Lilly used nursing services as kickbacks to boost insulin prescriptions, lawsuit claims

A lawsuit alleges Eli Lilly and other companies violated the False Claims Act with their drug marketing strategies.

After Novo Nordisk settled a lawsuit alleging it marketed certain drugs under a "white coat" sales scheme, fellow diabetes drug giant Eli Lilly is facing similar claims of illicit marketing. A recently unsealed lawsuit claims the company ran a "multi-tiered kickback scheme" to pump up sales of key blockbusters.

The lawsuit, filed in June and unsealed late last month, alleges Eli Lilly worked with Healthstar Communications and VMS Biomarketing to provide free nursing services to induce doctors to prescribe Lilly diabetes meds Humalog and Humulin, plus osteoporosis drug Forteo. The lawsuit also targets Covance and an Express Scripts unit, saying the two companies pitched into the setup by helping prescribers attain reimbursement. 

"While purporting to provide independent medical advice and disease-awareness information, the nurse educators were in reality acting as undercover sales reps for Lilly, focused on the mission Lilly had retained them to accomplish," the suit says. That mission, according to the lawsuit, was to refer the Lilly products to prescribers and patients. 

Eli Lilly representatives didn't immediately respond to a request for comment on the lawsuit. 

Express Scripts disclosed the lawsuit in a Tuesday SEC filing, saying it believes the company and subsidiaries are "in substantial compliance with applicable laws, rules and regulations in all material respects" but that it cannot predict the outcome. The same Express Scripts unit was named in a recent lawsuit over Mallinckrodt's controversial drug H.P. Acthar Gel and its huge jump in price over the years. 

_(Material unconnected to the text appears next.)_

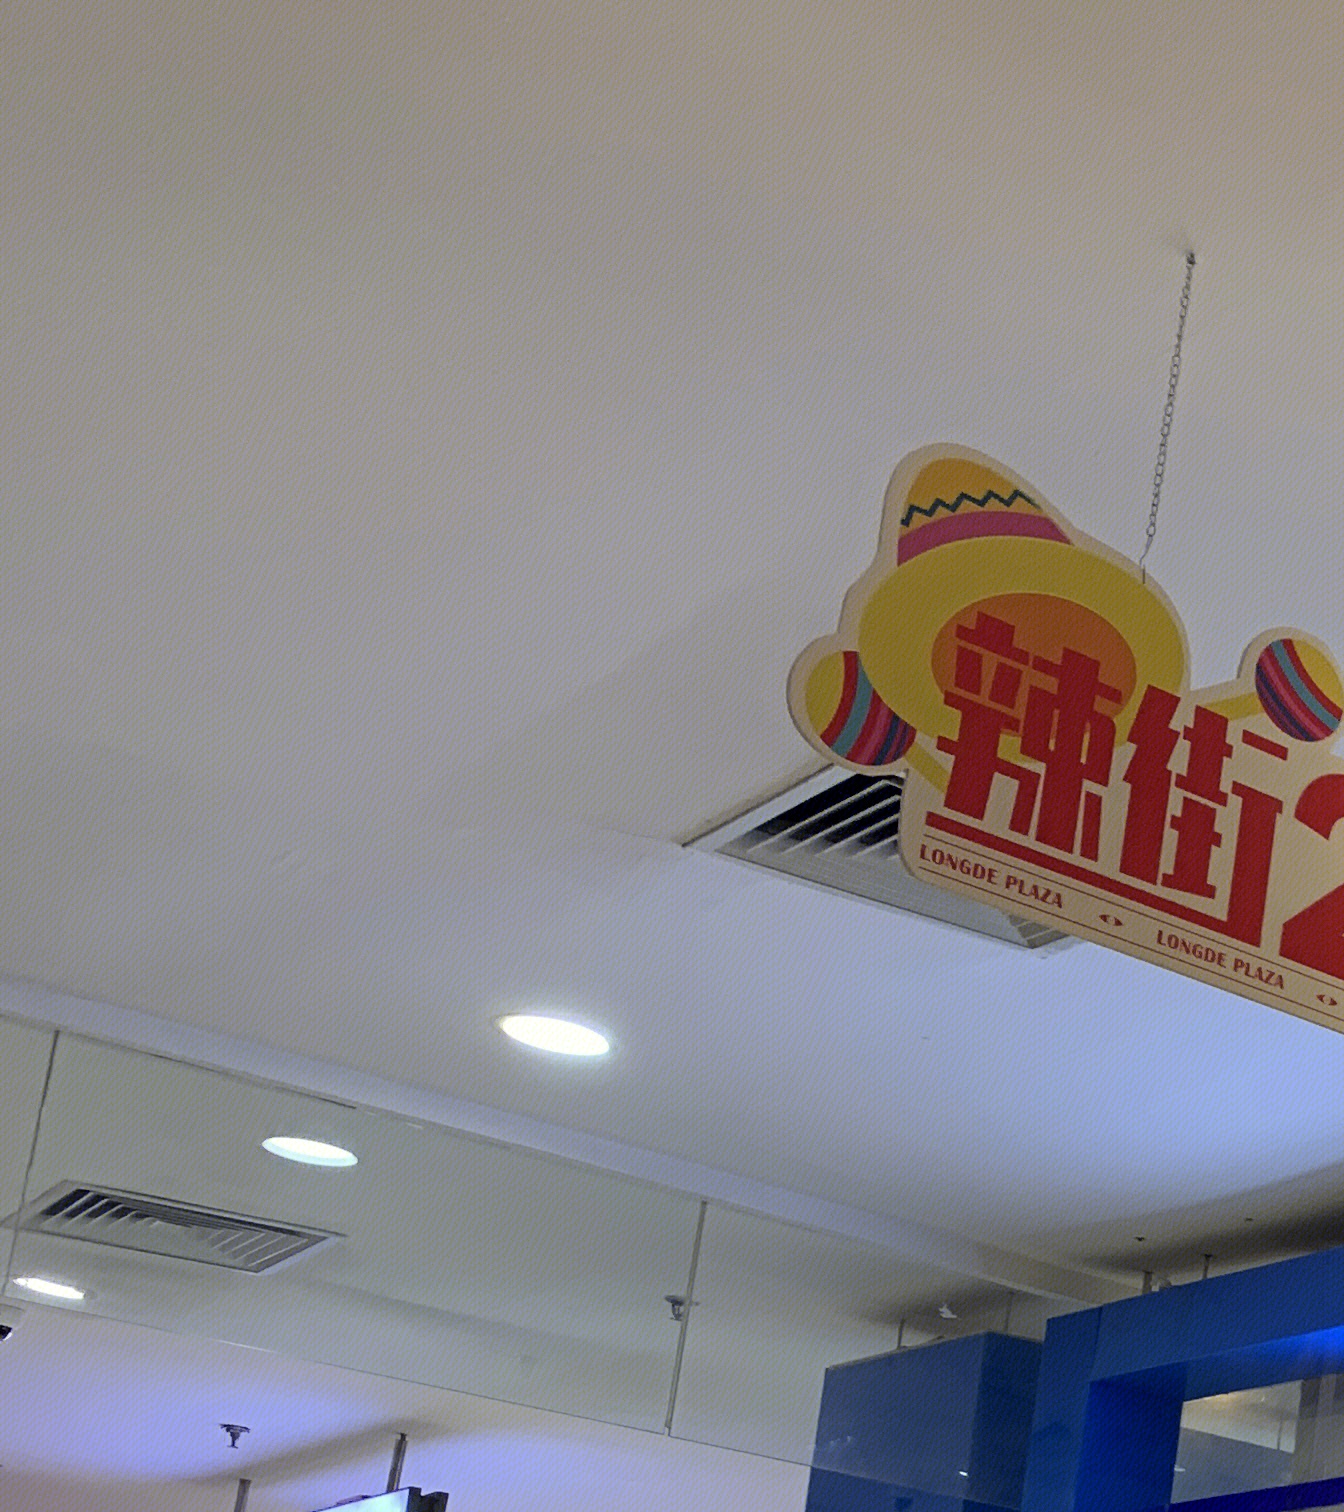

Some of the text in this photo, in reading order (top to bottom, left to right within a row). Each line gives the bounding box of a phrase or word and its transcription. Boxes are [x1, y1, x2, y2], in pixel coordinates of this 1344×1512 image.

[919, 842, 997, 889] LONGDE
[1004, 873, 1065, 910] PLAZA
[1156, 928, 1228, 970] LONGDE
[1232, 953, 1287, 992] PLAZA

Novo Nordisk in May settled a whistleblower lawsuit making similar allegations. That suit alleged that the company used certified diabetes educators to induce prescribers to use Novo drugs by offering educational programs and materials worth thousands of dollars. The company denied the allegations. 

In another similar case, Allergan in July paid out $13 million in a 2009 whistleblower suit over claims the company illegally promoted eye drugs—including Restasis, which has become controversial due to the company's recent tribal licensing deal—by providing valuable consulting and other services to doctors. 
The Novo case was kicked off by two whistleblowers alleging misconduct dating back to 2006. In the Lilly case, a unit of the research organization National Healthcare Analysis Group filed the suit on behalf of the federal and state governments. The group says it conducts hundreds of interviews every year to "form an understanding of industry practices" and that it believes the Lilly arrangement has resulted in "billions of dollars in improper reimbursements." The group is alleging violations of the False Claims Act.

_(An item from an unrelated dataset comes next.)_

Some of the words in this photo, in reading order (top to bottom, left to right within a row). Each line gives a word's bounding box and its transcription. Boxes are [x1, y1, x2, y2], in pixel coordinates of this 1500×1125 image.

The three meds under question in the Lilly suit were each among the drugmaker's top 5 products last year, together generating more than $5.5 billion in 2016 sales. 

Diabetes drugmakers have faced no shortage of scrutiny on pricing and marketing in recent years as list prices have steadily grown. In one class action suit, plaintiffs accused the companies of working with pharmacy benefit managers to increase costs and share the additional revenues. In turn, patients have been left with "crushing" out-of-pocket expenses, according to the suit. Several of the PBMs and drugmakers denied the allegations, while some didn't immediately respond to requests for comment, Bloomberg BNA reported at the time.